I have a test setup with 90000 parts, about 9000 of these parts are
designated stock items and have a field of # of Days to Stock. There are
about 150000 records in the invoice parts table for the 9000 stock line parts.

This is used for seasonal sales, so I have a function that creates a totals
query (currently including 3 sub queries) to get sales info for each stock
part for the last 4 weeks sales and last years sales for the next 4 weeks (ie
-52 wks to -48 wks) and the same for the preceeding year.

I then work out the quantity required and also the number of days that the
current stock will last from 2 separate formulae and put this data into a
temporary table for the user to overide/edit its recommendations before that
gets transferred to the order detail table.

The whole process is quite slow, originally it was taking 90 seconds to
populate the temporary table with the order quantities and other data, but
with loads of tweaking and testing I've got it down to 22 seconds. BUT, this
is on my quick un-networked pc, not my customers ancient tat on slooow
networks.

I was surprised to see that during all my testing and re-working, that using
a series of nested subqueries to give me 3 different sets of date related
totals was considerably faster than using separate queries, a single crosstab
query or a single joined query between sales and parts tables. I've tried
moving data into more tables and parsing it more times and less, but I can't
improve on my current speed.

So my questions are these;

What should be the outright quickest method for getting 3 different sum
totals of items from a single table with moving date ranges as the sum
criteria? (I also require 4 fields of data from the parts table to complete
the calculations without having to multi-nest queries further down the line.)

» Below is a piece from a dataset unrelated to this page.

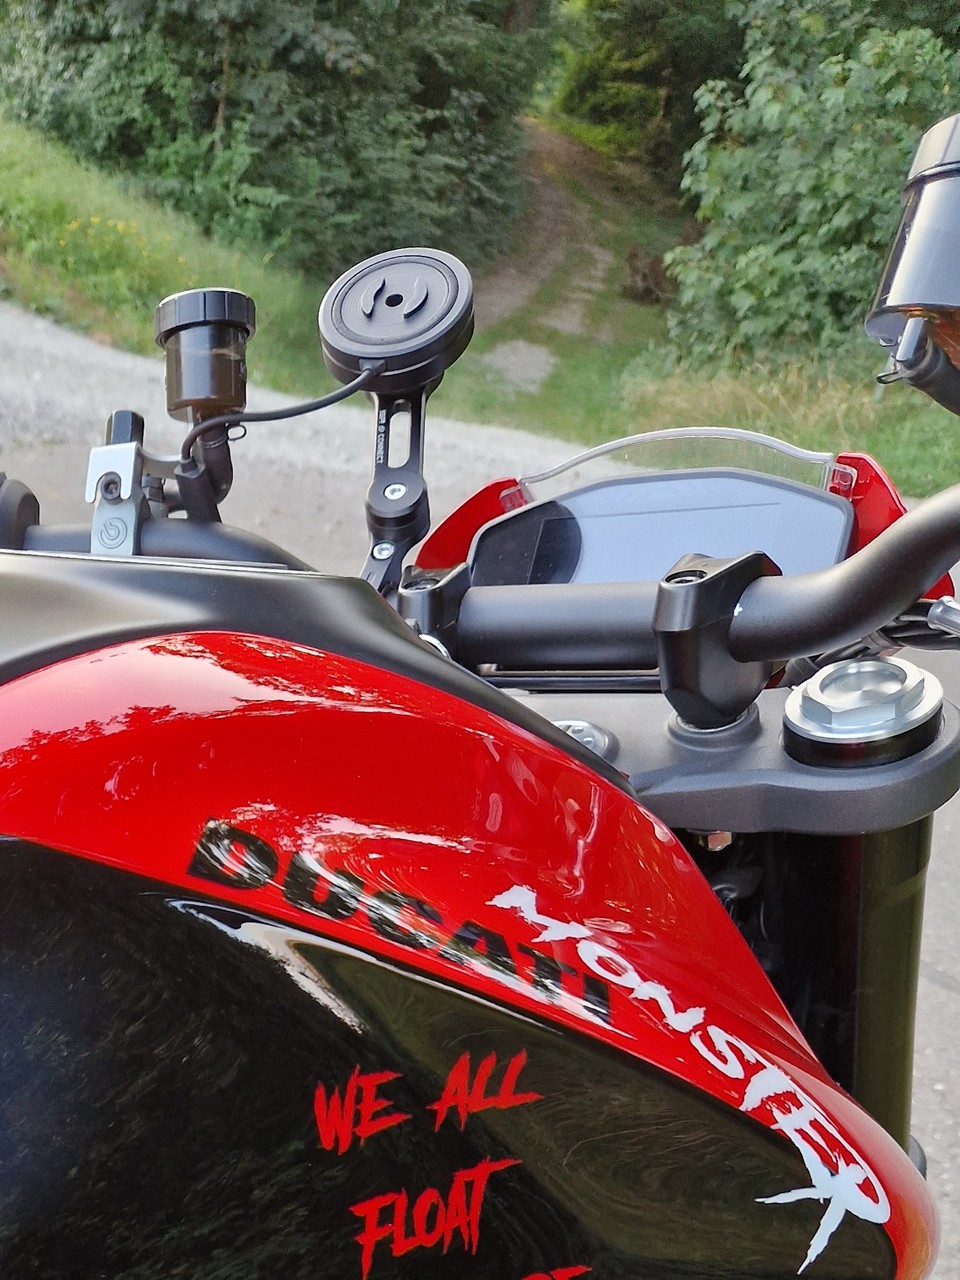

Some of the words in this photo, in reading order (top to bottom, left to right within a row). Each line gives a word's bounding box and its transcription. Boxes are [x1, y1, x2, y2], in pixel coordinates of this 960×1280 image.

Is there a better way to get acturate 'just in time' order info without the
overhead of my current nested query design? Has anyone come up with a decent
model for this in an access environment?

Are there other ways of shaving milliseconds from calculations and queries,
for example in my function, if I open a recordset based on the nested
subquery design and iterate through it, referring to the same field (of the
same record) repeatedly (ie the same field QtyInSt appears multiple times for
the calculations), is it quicker or slower to assign this value to a variable
and then refer to that, rather than the recordset field rcd!QtyInSt? Does it
matter if I use SELECT * FROM rather than naming the individual fields if I
want ALL of the fields returned?

I know that I'm into the realms of theory here, but I'm interested to learn
and I've done all the usual speed improvement tweaks (subdatasheets off,
short db names on the root folder, persistant be connections etc)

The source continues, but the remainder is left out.